Task input below:
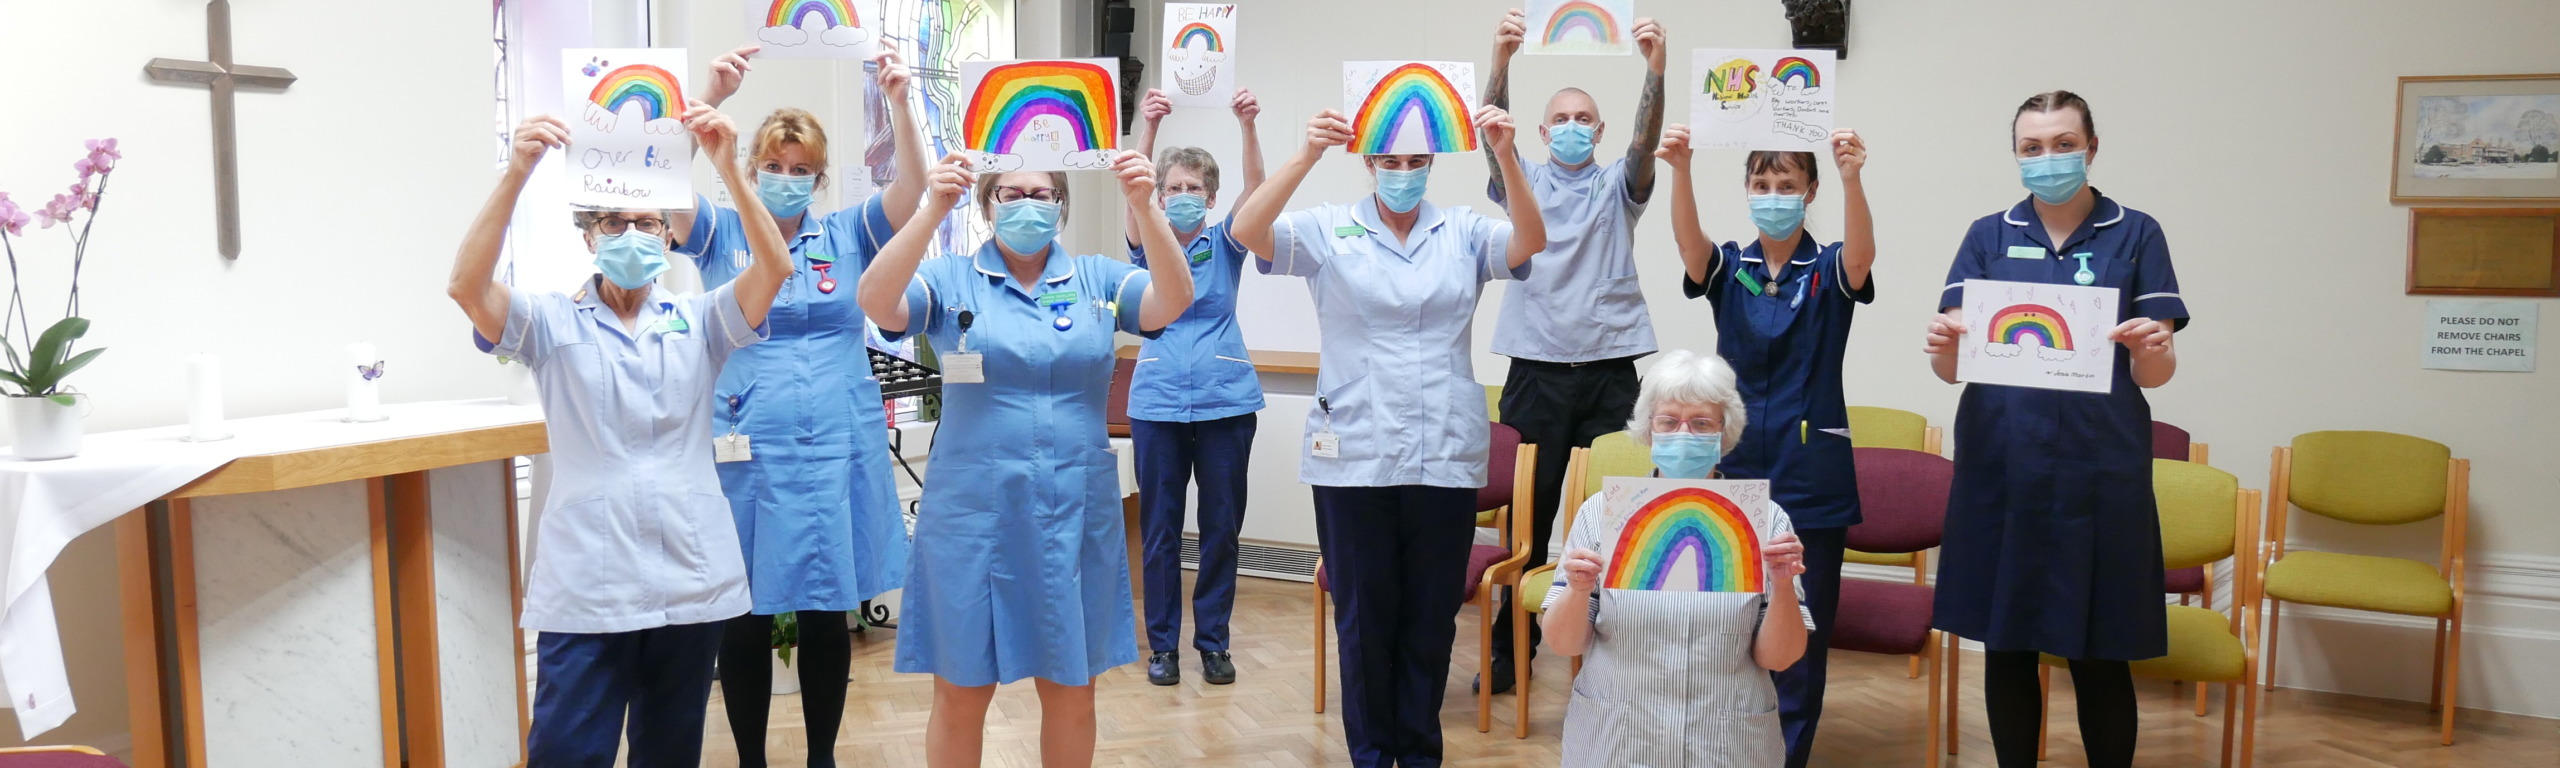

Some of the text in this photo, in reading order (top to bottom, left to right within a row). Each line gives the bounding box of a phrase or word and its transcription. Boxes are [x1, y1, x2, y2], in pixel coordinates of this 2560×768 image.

[1178, 4, 1234, 22] BE HAPPY
[1703, 64, 1760, 94] NHS
[1033, 119, 1051, 131] Be
[1775, 121, 1824, 138] THANK YOU
[582, 144, 672, 169] Over the
[584, 174, 651, 198] Rainbow
[2440, 316, 2520, 326] PLEASE DO NOT
[2437, 331, 2521, 342] REMOVE CHAIRS
[2431, 346, 2526, 357] FROM THE CHAPEL
End of Task input.
--- Your goal ---
All of the entries above should be retyped exactly, with the pictures left out.

--- Answer box ---
Some of the text in this photo, in reading order (top to bottom, left to right within a row). Each line gives the bounding box of a phrase or word and its transcription. Boxes are [x1, y1, x2, y2], in pixel coordinates of this 2560×768 image.

[1178, 4, 1234, 22] BE HAPPY
[1703, 64, 1760, 94] NHS
[1033, 119, 1051, 131] Be
[1775, 121, 1824, 138] THANK YOU
[582, 144, 672, 169] Over the
[584, 174, 651, 198] Rainbow
[2440, 316, 2520, 326] PLEASE DO NOT
[2437, 331, 2521, 342] REMOVE CHAIRS
[2431, 346, 2526, 357] FROM THE CHAPEL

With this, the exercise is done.